Design: We performed a long-term, controlled study in 30 GH-deficient adults: 15 with osteoporosis and 15 control subjects with low bone mass. All patients were treated with rhGH for at least 4 years; thereafter, 3 years of additional alendronate treatment was given to patients with osteoporosis, while controls continued on GH therapy alone. The GH dose was individualized to maintain an IGF-I within the normal reference range for the duration of the study, and was equal between genders.
Results: At the end of 4 years of rhGH replacement therapy, a significant increase in mean lumbar spine BMD was observed in both the osteoporosis group (3.6%) and the control group (7.0%), with no significant difference between groups. Males had a larger increase in BMD than females (P = 0.032). After 4 or 5 years of GH treatment patients with persisting osteoporosis received additional alendronate (10 mg/day) for 3 years. Lumbar spine BMD increased by 8.7% after 3 years (P = 0.001) vs 1.5% (P = NS) in the control group continuing on rhGH replacement alone. The alendronate effect was gender independent (P = 0.59). Mean bone area of the lumbar spine did not change in both groups for the duration of the study. Femoral neck BMD increased significantly in the osteoporosis group (3.5%) and was unchanged in the control group. Five osteoporotic GH-deficient patients had a total of 12 vertebral fractures before start of alendronate. Only one of these patients developed two new vertebral fractures within the first year of treatment with alendronate.

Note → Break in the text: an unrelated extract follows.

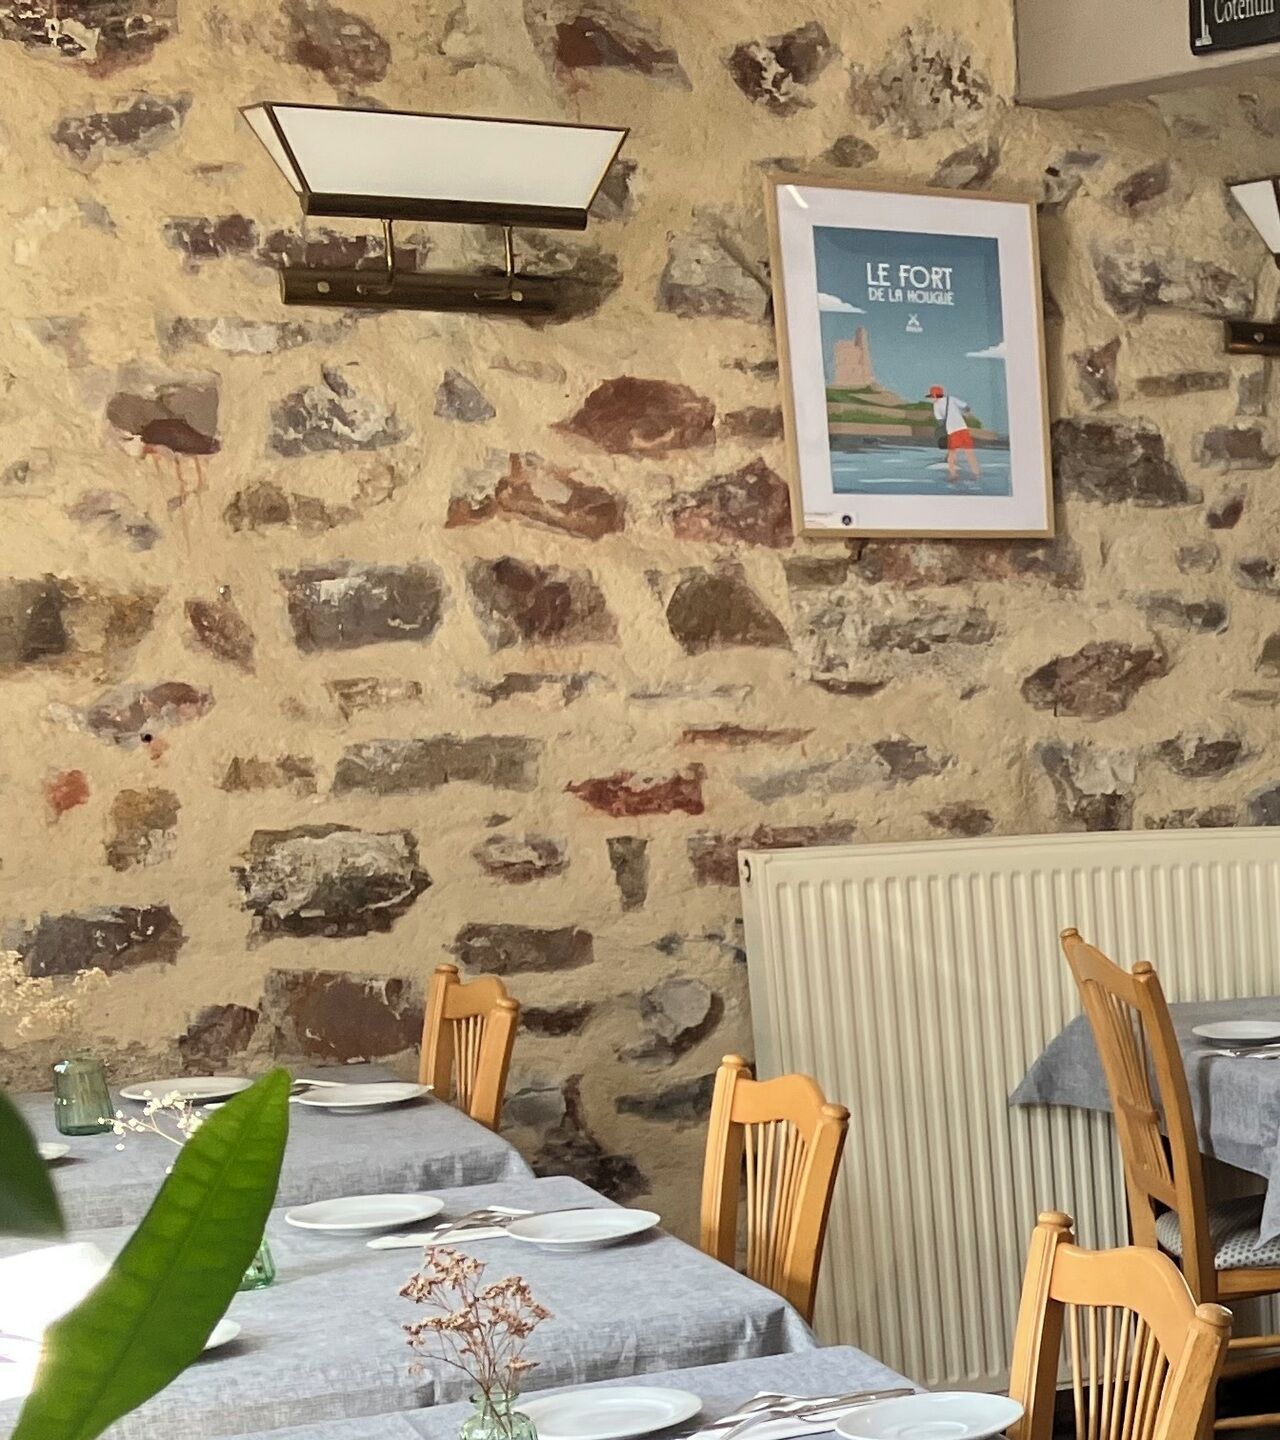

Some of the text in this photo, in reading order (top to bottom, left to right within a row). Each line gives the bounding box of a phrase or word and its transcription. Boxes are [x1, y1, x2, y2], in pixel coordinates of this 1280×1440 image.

Conclusion: We observed a significant increase in lumbar spine BMD in the first 4 years of rhGH replacement. The effect of GH on bone was gender dependent, but not BMD dependent. After more than 4 years of GH replacement, BMD seemed to reach a plateau, at least as measured in the 3-4 years thereafter, as no significant increase was present in patients treated with GH alone. By contrast, alendronate rapidly augmented BMD and this effect was maintained for at least 3 years. These increases in BMD were associated with a low incidence of (vertebral) fractures. The long-term use of GH does not preclude a beneficial effect of an additional antiresorptive agent in GH-deficient patients with osteoporosis.